Johannes Becher aus Moosburg ist einer der 38 grünen Mandatsträger im Landtag. Die Fraktionsstärke der Grünen erhöhte sich von früher elf auf jetzt 38, damit sind sie stärkste Oppositionspartei. Die FDP hat elf Mandate, SPD und AfD je 22, wobei Becher die der AfD als "22 zu viel im Landtag" einstufte. Der Vorteil der Grünen sei jetzt, bei der Rednerliste immer gleich nach der Regierung sprechen zu können. Becher sitzt im Ausschuss für kommunale Fragen/ innere Sicherheit/Sport sowie im Ausschuss für Arbeit/Soziales/Jugend/Familie. Er ist bei den Grünen neben dem Bereich Freising und Pfaffenhofen auch für den Kreis Erding als Betreuungsabgeordneter zuständig.

Ministerpräsident Markus Söder hatte erklärt, die im Wahlkampf versprochene Stabilität sei gegeben, aber es gebe kein reines "Weiter so" und Bayern könne "grüner werden ohne die Grünen". Ob dem wirklich so ist, dazu bezog Becher anhand der zehn Wahlkampfpunkte der Grünen im Vergleich mit dem 60-seitigen Koalitionsvertrag Stellung, der nach seiner Meinung keine Veränderung der bisherigen Politik bringe, sondern eben ein "Weiter so".

Ein wichtiger Punkt sei die 3. Startbahn am Flughafen München, die auch von der FW bekämpft worden sei. Jetzt lege der Koalitionsvertrag die weitere Planung für diese Legislaturperiode auf Eis, doch nach Bechers Einschätzung besteht nach abgeschlossenem Planfeststellungsverfahren Baurecht für die 3. Startbahn und eine Planung sei deshalb nicht weiter erforderlich. Außerdem könne laut Konsortialvertrag der Flughafen GmbH von jedem Partner die Umwandlung in eine Aktiengesellschaft gefordert werden, die auch umgesetzt werden müsse.
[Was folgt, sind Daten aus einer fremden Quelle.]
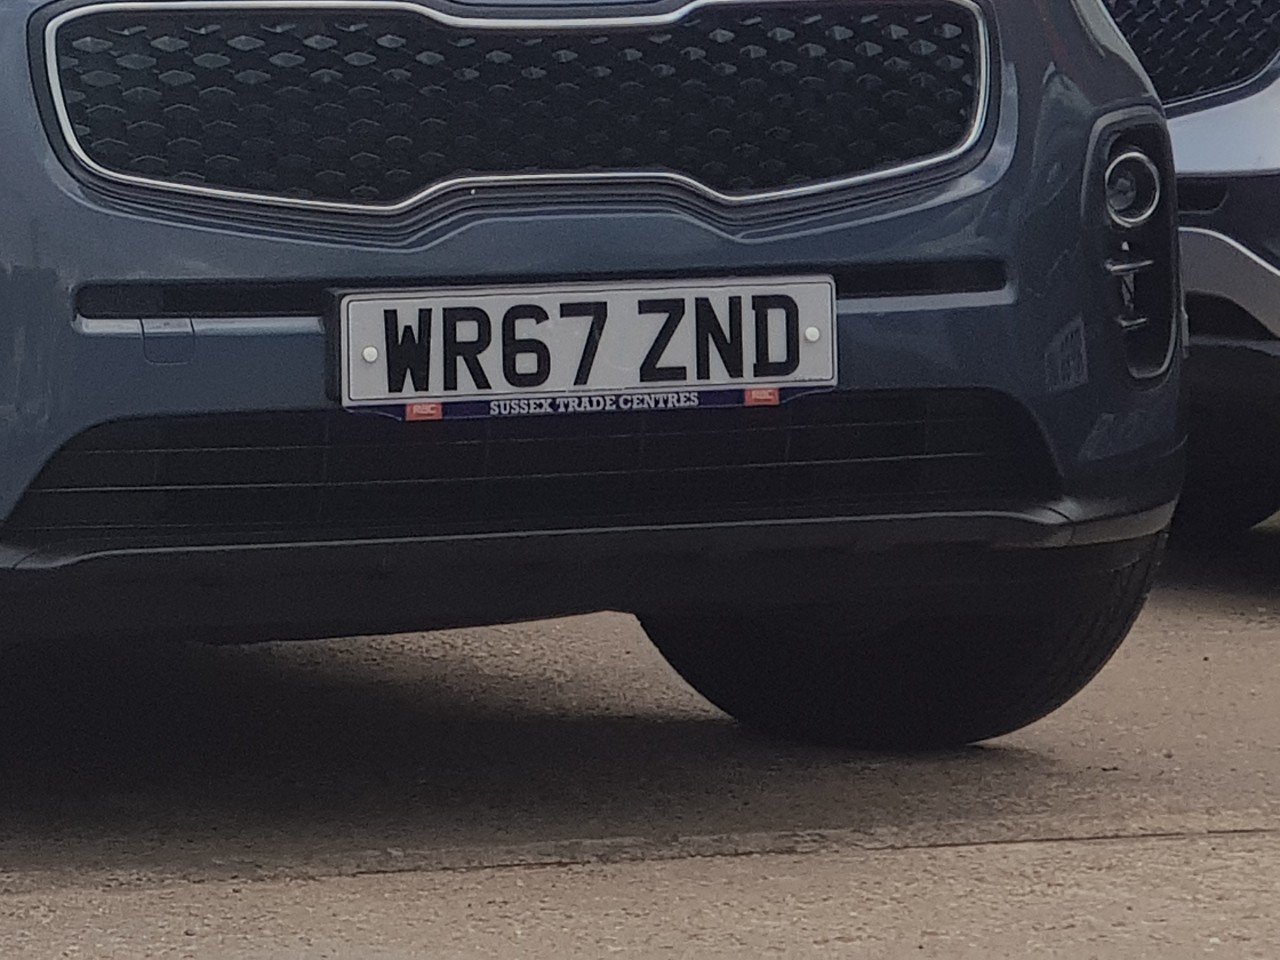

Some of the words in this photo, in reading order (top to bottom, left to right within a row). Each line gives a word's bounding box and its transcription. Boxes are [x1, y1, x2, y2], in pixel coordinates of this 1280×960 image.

[383, 301, 608, 394] WR67
[637, 293, 800, 384] ZND
[489, 397, 553, 416] SUSSEX
[555, 394, 616, 413] TRADE
[619, 391, 699, 410] CENTRES
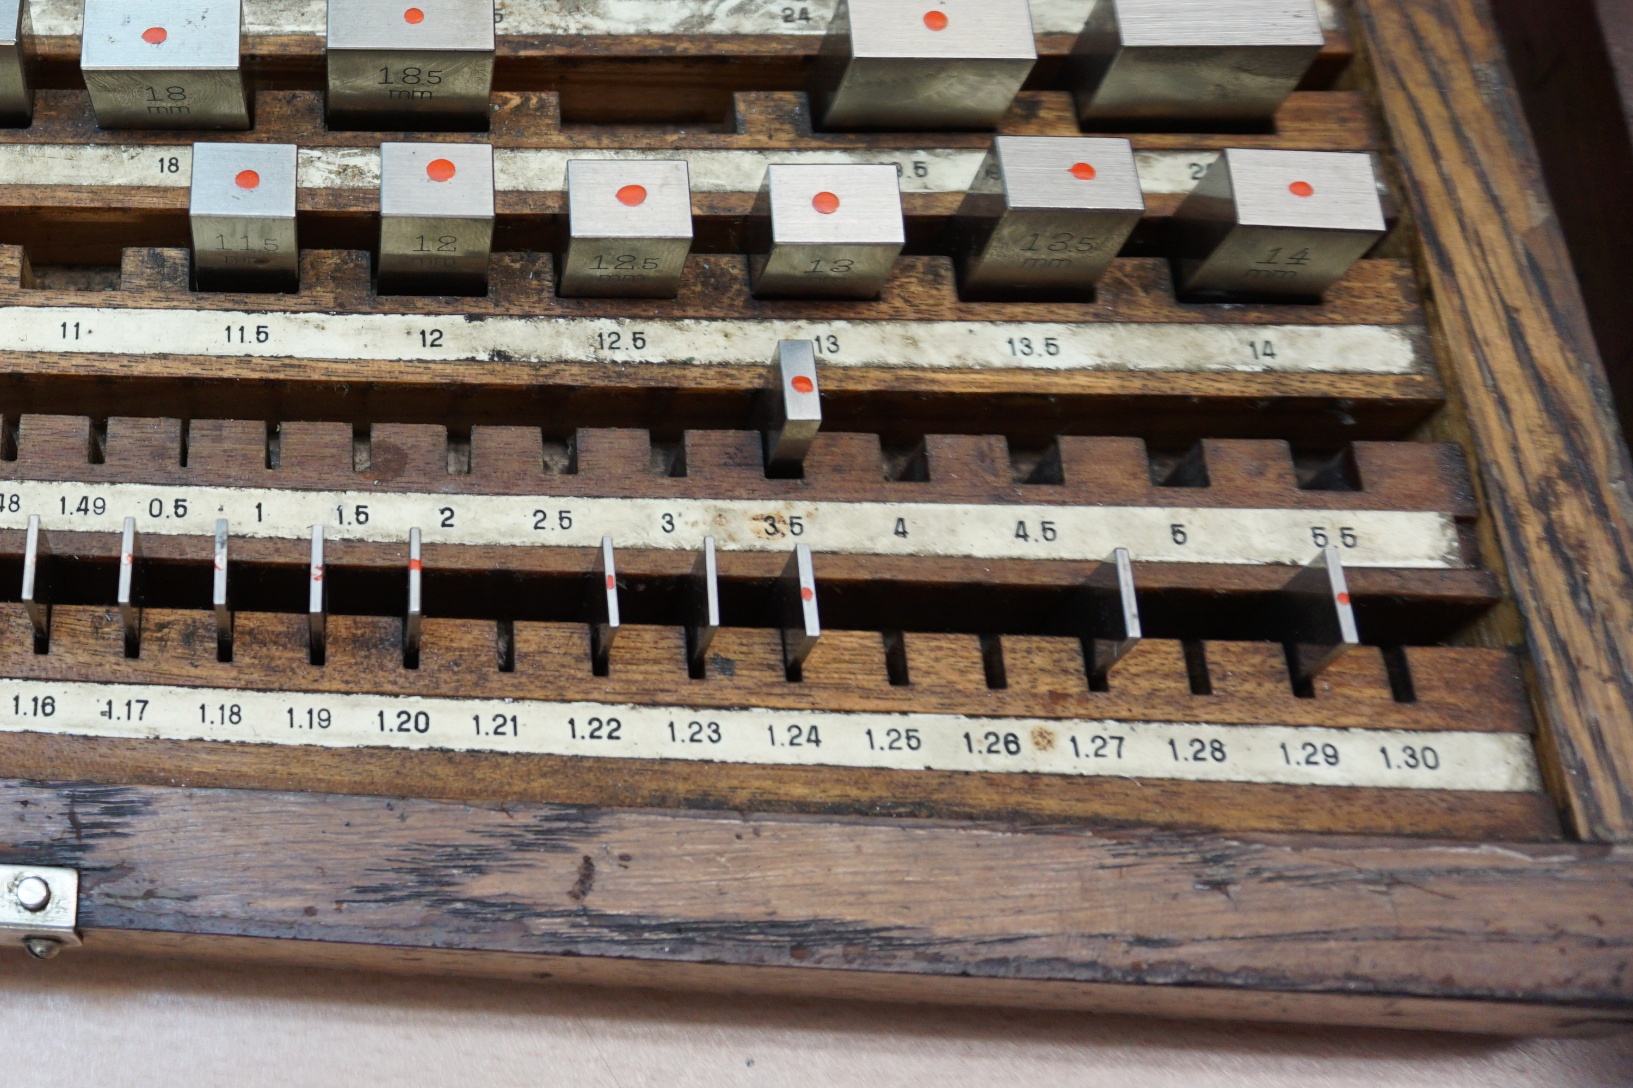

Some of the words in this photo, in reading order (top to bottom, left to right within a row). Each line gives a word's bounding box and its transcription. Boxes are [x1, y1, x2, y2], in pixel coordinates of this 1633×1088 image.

[780, 6, 814, 25] 24
[146, 85, 187, 102] 18
[388, 89, 433, 100] mm
[158, 156, 180, 174] 18
[412, 234, 458, 253] 12
[1255, 247, 1311, 265] 14
[803, 258, 854, 274] 13
[60, 321, 80, 341] 11
[224, 324, 269, 344] 11.5
[419, 328, 444, 348] 12
[597, 329, 646, 352] 12.5
[813, 332, 840, 355] 13
[1007, 336, 1060, 357] 13.5
[1247, 340, 1277, 361] 14
[59, 495, 107, 516] 1.49
[148, 497, 188, 519] 0.5
[255, 502, 263, 523] 1
[336, 504, 369, 526] 1.5
[438, 506, 455, 528] 2
[532, 509, 573, 531] 2.5
[661, 512, 675, 534] 3
[762, 513, 805, 539] 3.5
[893, 517, 910, 539] 4
[1014, 520, 1057, 543] 4.5
[1169, 523, 1188, 546] 5
[1310, 526, 1358, 549] 5.5
[12, 694, 56, 718] 1.16
[104, 697, 149, 722] 1.17
[199, 703, 242, 726] 1.18
[287, 707, 332, 730] 1.19
[377, 709, 430, 734] 1.20
[472, 713, 518, 737] 1.21
[567, 716, 622, 741] 1.22
[667, 720, 722, 744] 1.23
[767, 724, 822, 748] 1.24
[865, 728, 922, 751] 1.25
[963, 731, 1022, 756] 1.26
[1069, 734, 1126, 760] 1.27
[1167, 737, 1227, 763] 1.28
[1279, 741, 1340, 767] 1.29
[1379, 745, 1440, 771] 1.30
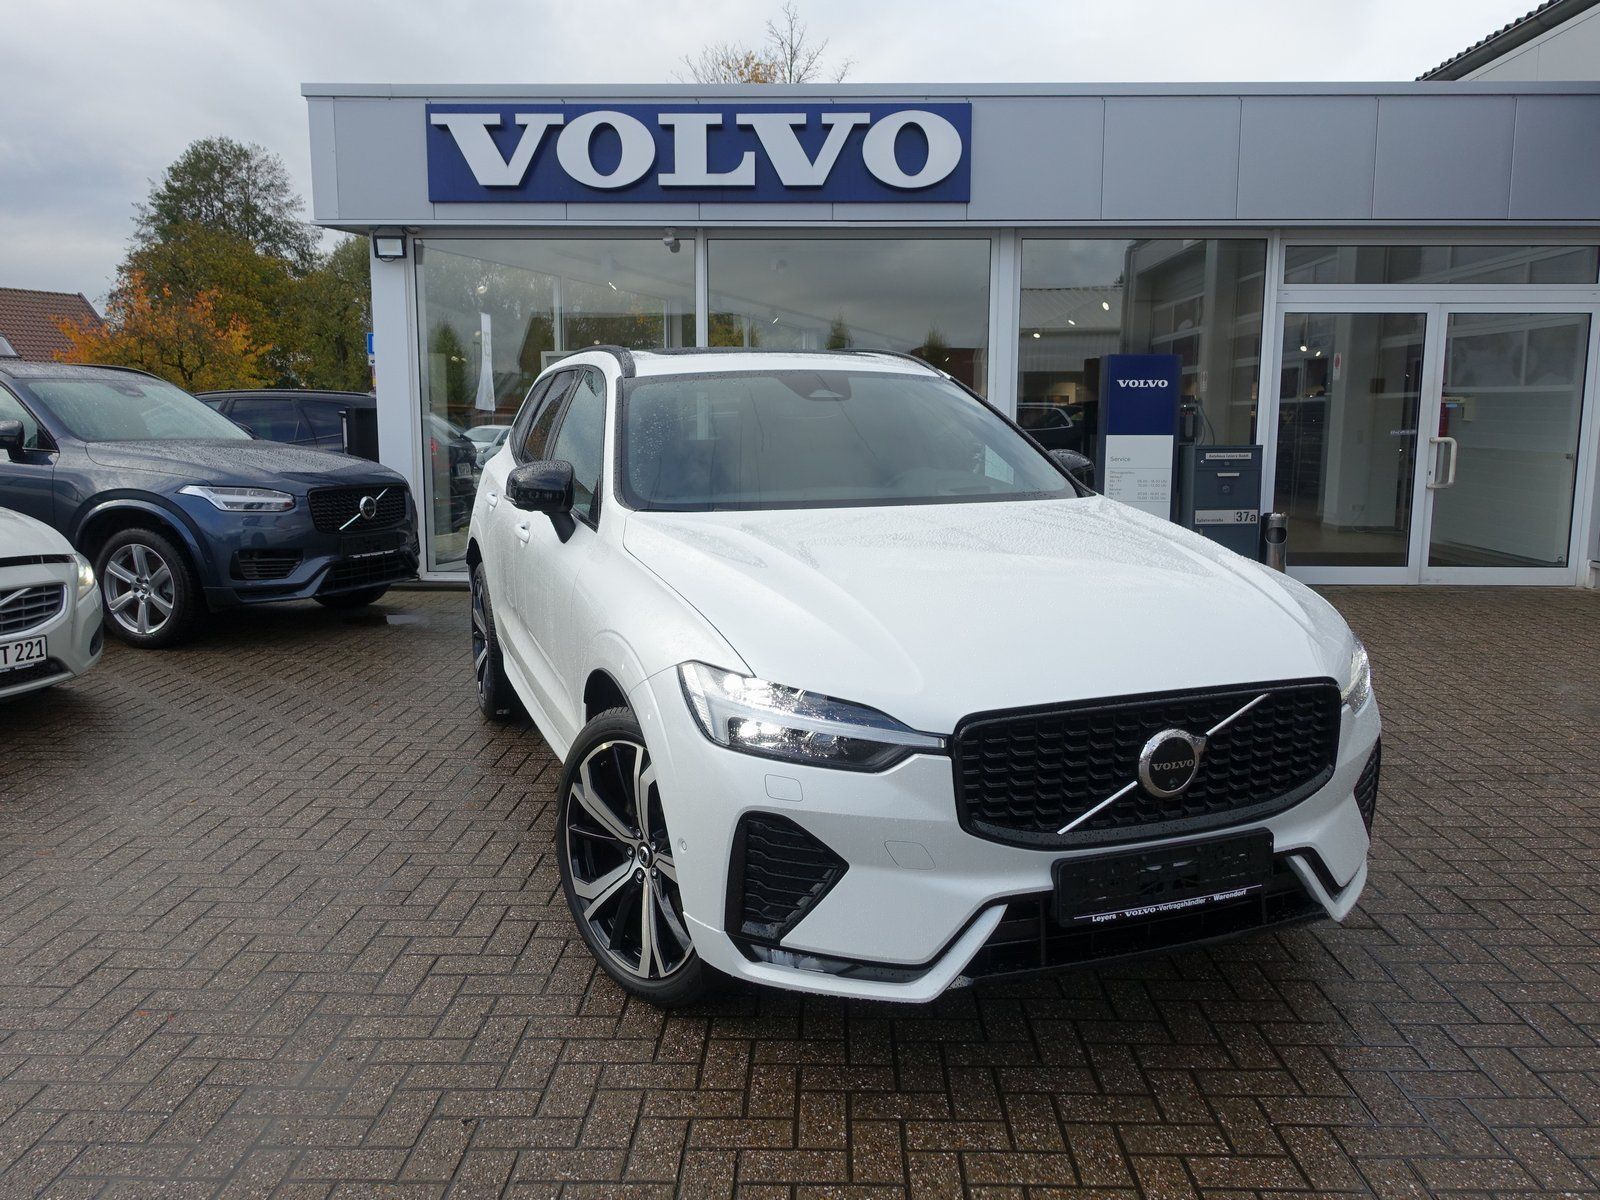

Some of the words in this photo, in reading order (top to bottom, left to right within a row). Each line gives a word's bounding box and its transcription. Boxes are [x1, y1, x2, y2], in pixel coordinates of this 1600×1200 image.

[430, 110, 962, 189] VOLVO
[1117, 379, 1168, 388] VOLVO
[1236, 511, 1257, 522] 37a
[15, 640, 44, 662] 221
[1152, 759, 1194, 771] VOLVO
[1092, 913, 1117, 922] Leyers
[1213, 889, 1247, 901] Warendorf
Da sich aber München weigere, könne einer der anderen Partner, wie etwa das Bundesverkehrsministerium, eine solche Forderung erheben. Dann würde in der AG nicht mehr das Prinzip der Einstimmigkeit gelten, sondern die Mehrheitsentscheidung und die 3. Startbahn könne dann trotzdem gebaut werden. Hier hätten die Freien Wähler ihre Chance vertan, obwohl sie im Landkreis Erding einen Stimmenanteil von 20 Prozent gehabt hatten.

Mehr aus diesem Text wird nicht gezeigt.